Health-care burden related to respiratory syncytial virus in a resource-constrained setting: a prospective observational study

Affiliations
Observational Study

Health-care burden related to respiratory syncytial virus in a resource-constrained setting: a prospective observational study

Senjuti Saha et al. Lancet Glob Health. 2025 Jun.

Abstract

Background: Respiratory syncytial virus (RSV) is a leading cause of paediatric hospital admissions worldwide, straining health systems. A lack of data on the burden of RSV infections and the impact on health systems in resource-limited settings hinders evidence-based policy decisions. Here, we aimed to assess RSV's burden on the health system in Bangladesh.
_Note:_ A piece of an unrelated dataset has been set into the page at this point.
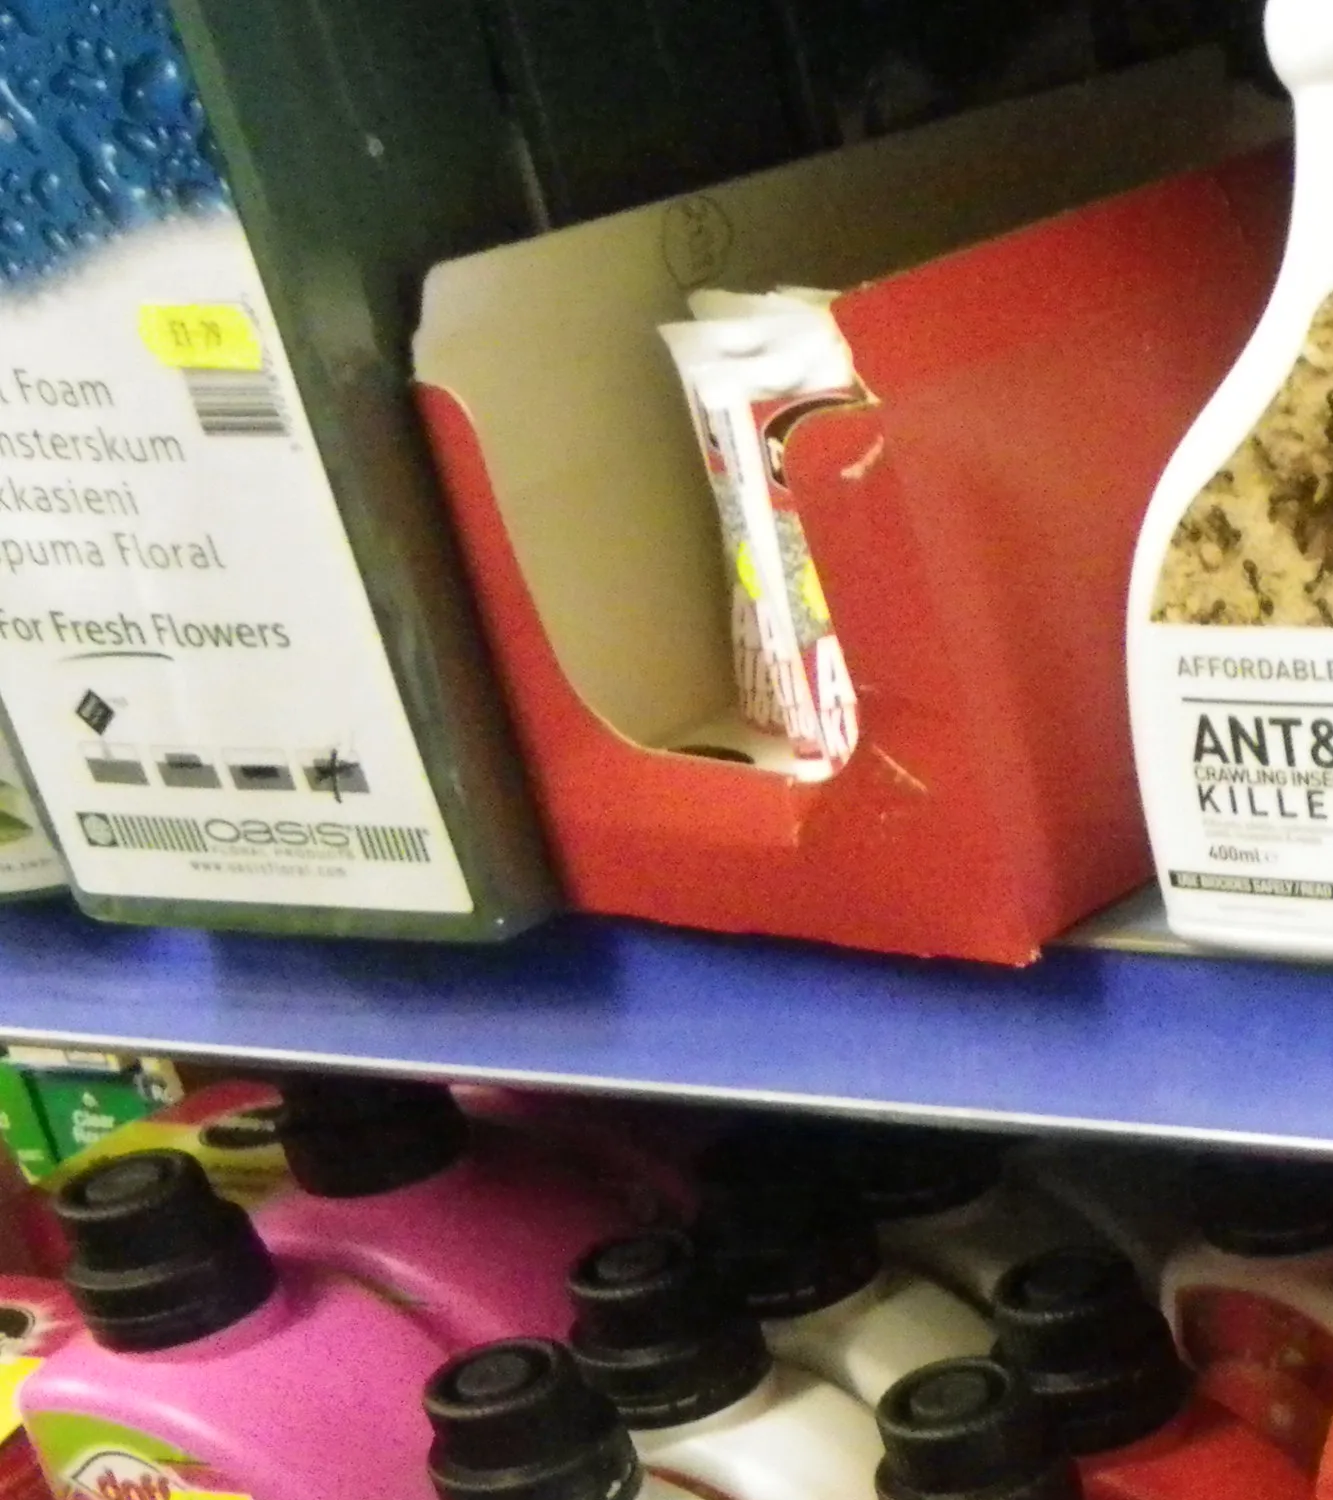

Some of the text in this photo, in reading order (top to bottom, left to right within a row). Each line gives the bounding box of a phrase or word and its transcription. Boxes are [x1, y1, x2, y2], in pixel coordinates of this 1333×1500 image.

Methods: From January to December, 2019, we conducted a prospective study at Bangladesh's largest paediatric hospital among children aged 0-59 months admitted with a possible respiratory infection, as guided by the WHO RSV hospital-based surveillance case definition. Outcomes for RSV-positive children younger than 5 years were analysed. We also followed up outcomes of children denied hospitalisation due to bed shortages. Adjusted hazard ratios for children denied admission versus admitted were estimated using survival analysis. Monte Carlo simulations with a queueing model were used to estimate the effects of RSV prefusion F maternal vaccine or nirsevimab on admission denials and mortality.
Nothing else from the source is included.